We strive each day to fulfill our mission to improve the quality of life for those living with Alzheimer’s disease and related forms of dimentia, and their caregivers. We appreciate your kind words.
"After Mom was away in Florida for three months, she had forgotten about Al'z Club. I had to coax her to go in. I called ahead to ask for support to greet my Mom and to help familiarize her to the Al'z Club family. When we arrived, the staff came out from everywhere to greet her with hugs and smiles. I stood behind my mom with tears in my eyes reminded of how wonderful and comforting it is to have LIAF in her life and in mine. She quickly felt comfortable and was reminded of how much she loved it there.
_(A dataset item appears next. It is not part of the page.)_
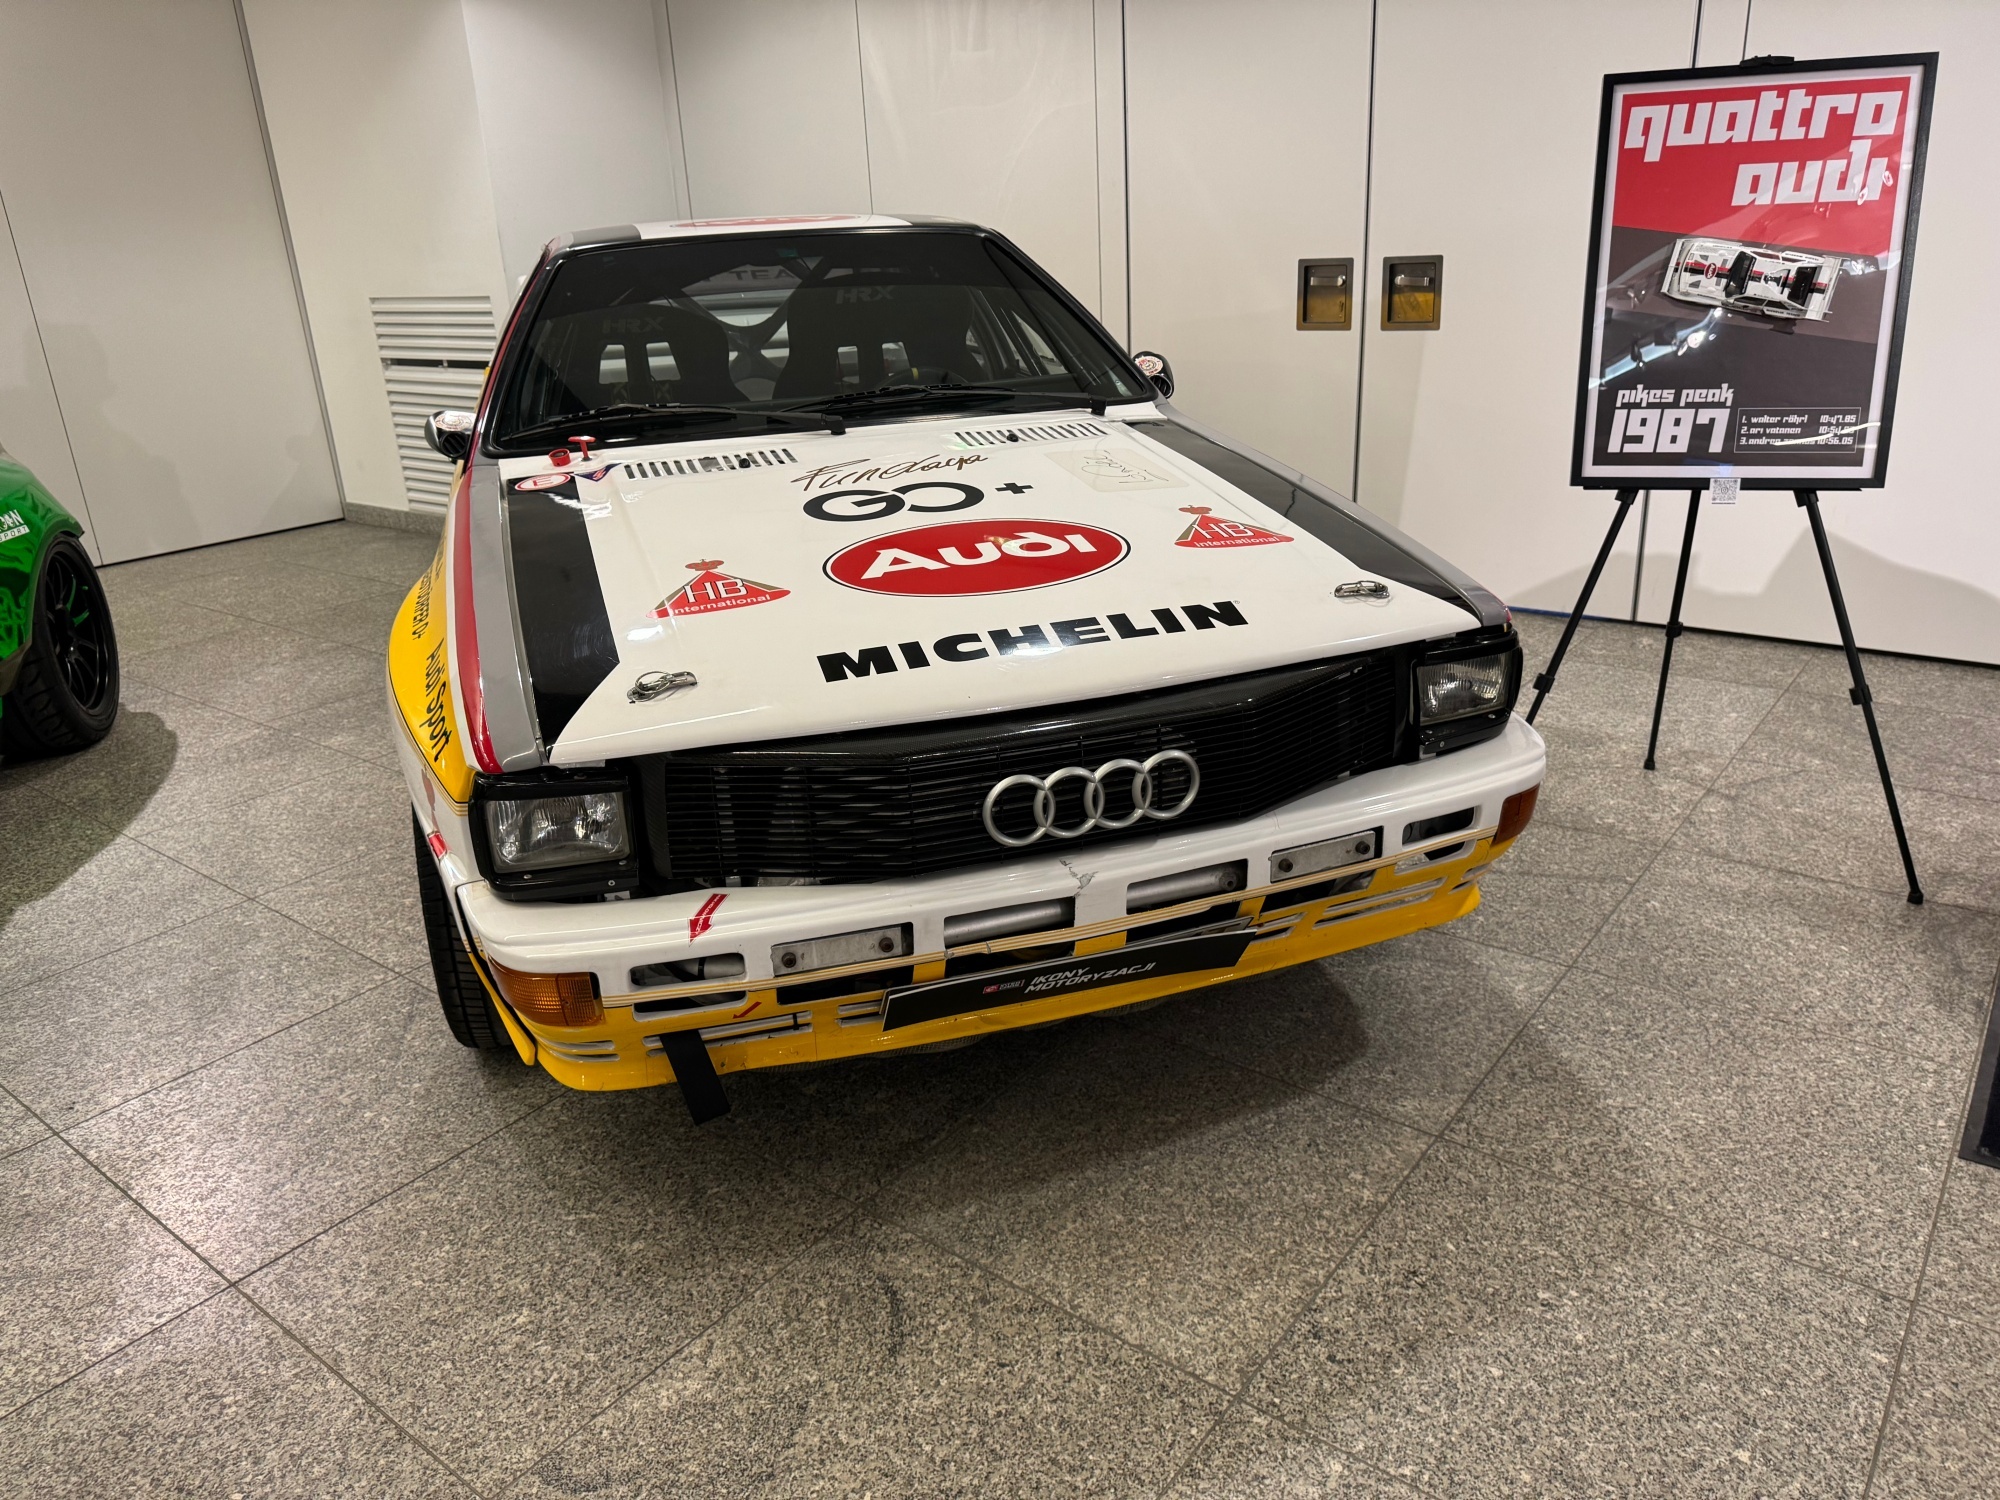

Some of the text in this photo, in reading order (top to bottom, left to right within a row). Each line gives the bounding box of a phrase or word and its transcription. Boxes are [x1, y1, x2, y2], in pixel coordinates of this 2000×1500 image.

Our community is blessed to have LIAF and their incredibly caring staff available to families during the tough times of watching our loved ones as their memories drift away."
Anne Marie A., Caregiver
"My Mother has been attending LIAF for the past 4 years. We as a family don't know where we would be if it weren't for LIAF. I can't praise this organization enough. My mother is treated with kindness and the dignity and respect she deserves. She has found a new family of friends that suffer with the same disease as she does. The knowledgeable staff has supported us too with the emotional support we need as Alzheimer's progresses in Mom. The mental games, entertainment, friendly faces and compassion have Mom looking forward to attending her ‘club’ as she calls LIAF. She has also recently started an exercise class there so she is enriching both her mind and body. My Mother's quality of life is wonderful being part of the LIAF community. We as a family feel blessed to have such fabulous support in dealing with such a difficult disease."
Irene D., Caregiver
"I became an indirect client of LIAF when it became apparent that my mother, who lived alone in Port Washington was having significant issues with memory. Our journey with LIAF spans several years.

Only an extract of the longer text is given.